Lauren Lamas / The Daily Item /


Published October 05, 2009 05:41 am - It isn't just one day and they go back to their video games. Youths who make paper, bricks, barrels, rope and yarn, write like scribes of old and can churn butter -- as they demonstrated at Warrior Run-Fort Freeland Heritage Days on Saturday and Sunday -- work on their "trades" throughout the year.

Youths preserve skills of past for Heritage Days event


By Diane Petryk
The Daily Item

TURBOTVILLE -- It isn't just one day and they go back to their video games.

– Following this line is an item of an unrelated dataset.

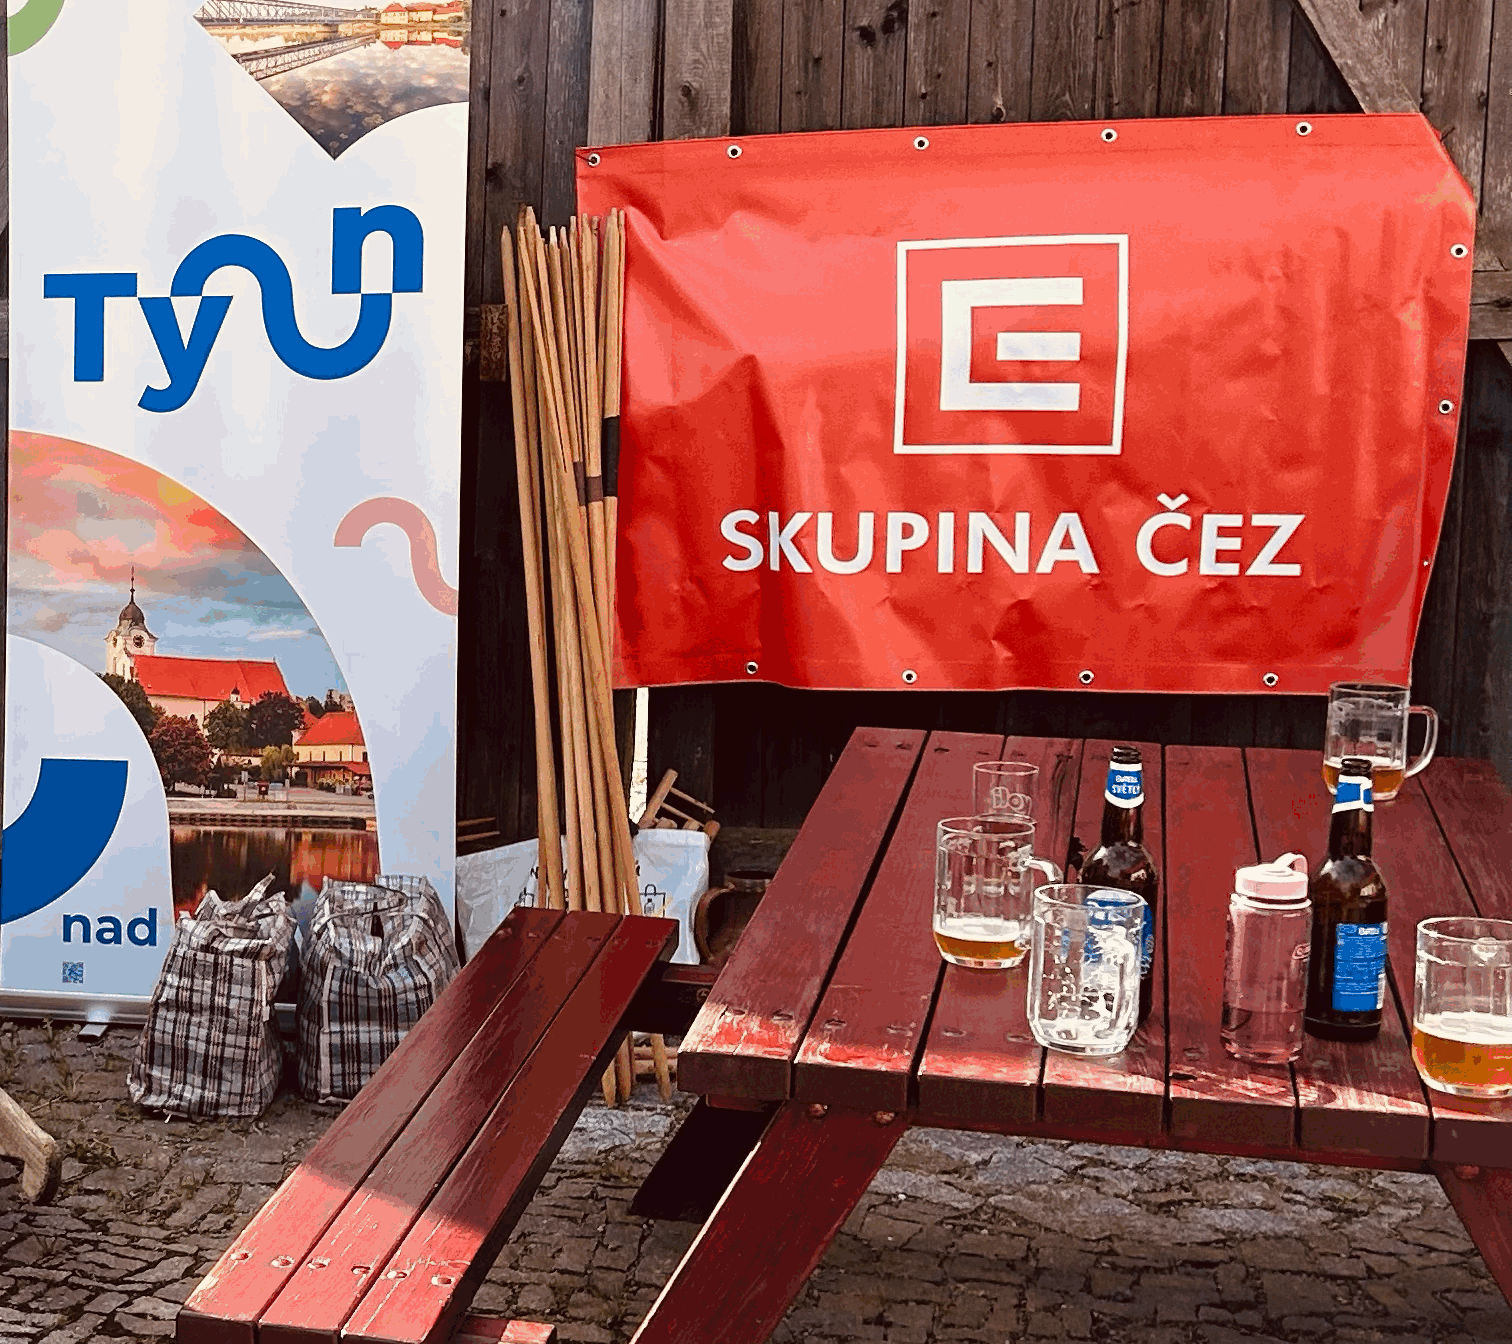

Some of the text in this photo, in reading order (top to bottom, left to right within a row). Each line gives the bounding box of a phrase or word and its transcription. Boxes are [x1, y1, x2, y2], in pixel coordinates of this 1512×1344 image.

[719, 493, 1306, 577] SKUPINA ČEZ
[62, 907, 158, 947] nad

Youths who make paper, bricks, barrels, rope and yarn, write like scribes of old and can churn butter -- as they demonstrated at Warrior Run-Fort Freeland Heritage Days on Saturday and Sunday -- work on their "trades" throughout the year.

"I'm an outdoor kid," said Ben Morris, 15, of Danville, as he stood atop a log propped about 8 feet high on giant sawhorses.

He and his friend Chris Adams, 17, of Watsontown, on the ground, manned opposite ends of an authentic 1790 pit saw, a 5-foot long blade with handles on each end. "It would take two men two days to saw two logs," Morris explained.

That's how they made lumber to build with.

It's pretty labor-intensive, he admitted, but he finds video games boring.

So, too, must many of the other youngsters on hand for the two-day festival crafts, demonstrations, food, lectures and re-enactments.

Ten-year-old Dave Witmer knows so much about old-fashioned paper-making he sounded like a college professor.

"In 1850, they didn't have wood fibers, they had cotton," he said. "What they would do is, after their clothes were too old to use, they would sell them to a ragman. The ragman would sell them to a papermaker.

Beaten to a pulp

"The papermaker would soak the clothes for three or four weeks until the fibers were very loose. Then they would hire someone about 15 to beat it to a pulp.

"Then they would scoop it up out of the water in a wire screen. The contents of the screen would be dumped on a piece of felt, another piece of felt put over it, and then pressed."

The resulting paper was thick, with a texture something like that of a paper towel. It was called dekkel.

Wyatt Kirkendall, 12, would rather be woodworking than working a Playstation.